TASK: Your task is to transcribe all of the records exactly and leave out the pictures.

SUPPLIED DATA:

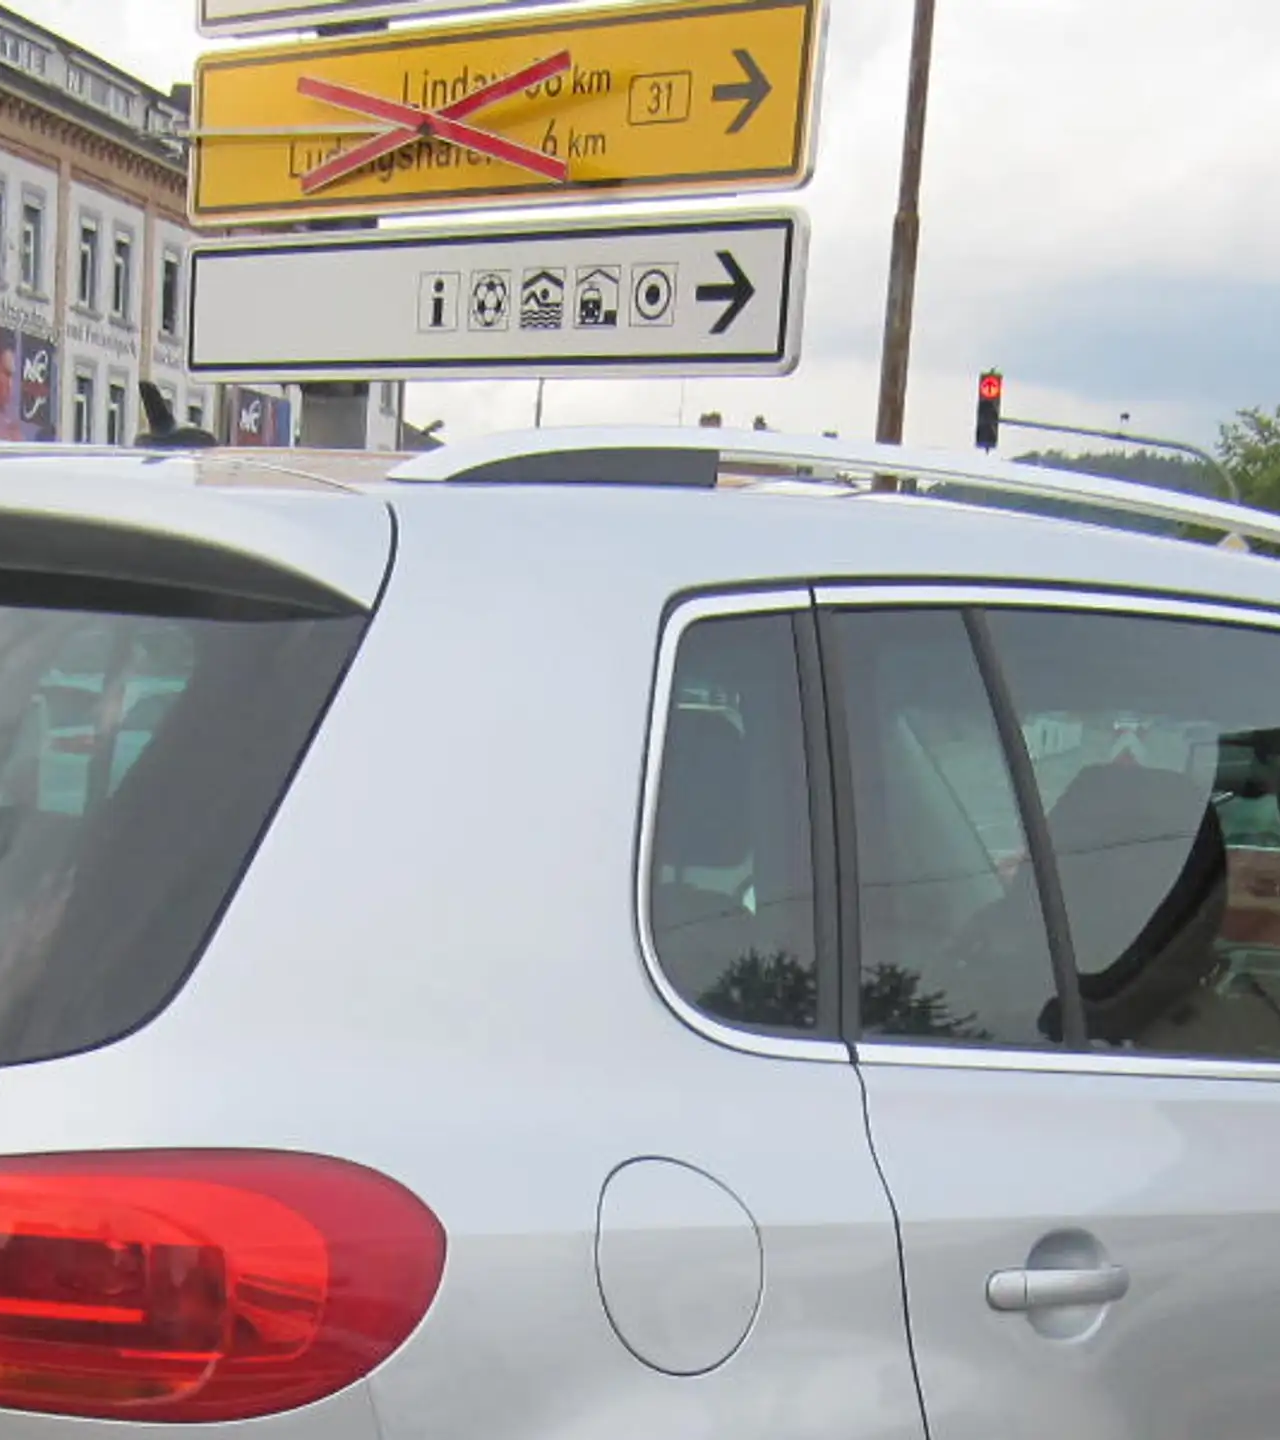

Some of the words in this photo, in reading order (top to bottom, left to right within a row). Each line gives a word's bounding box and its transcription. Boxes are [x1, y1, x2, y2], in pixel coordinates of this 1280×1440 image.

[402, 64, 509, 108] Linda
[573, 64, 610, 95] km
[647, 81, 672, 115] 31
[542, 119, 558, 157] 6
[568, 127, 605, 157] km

PROBLEM SOLUTION:
Some of the words in this photo, in reading order (top to bottom, left to right within a row). Each line gives a word's bounding box and its transcription. Boxes are [x1, y1, x2, y2], in pixel coordinates of this 1280×1440 image.

[402, 64, 509, 108] Linda
[573, 64, 610, 95] km
[647, 81, 672, 115] 31
[542, 119, 558, 157] 6
[568, 127, 605, 157] km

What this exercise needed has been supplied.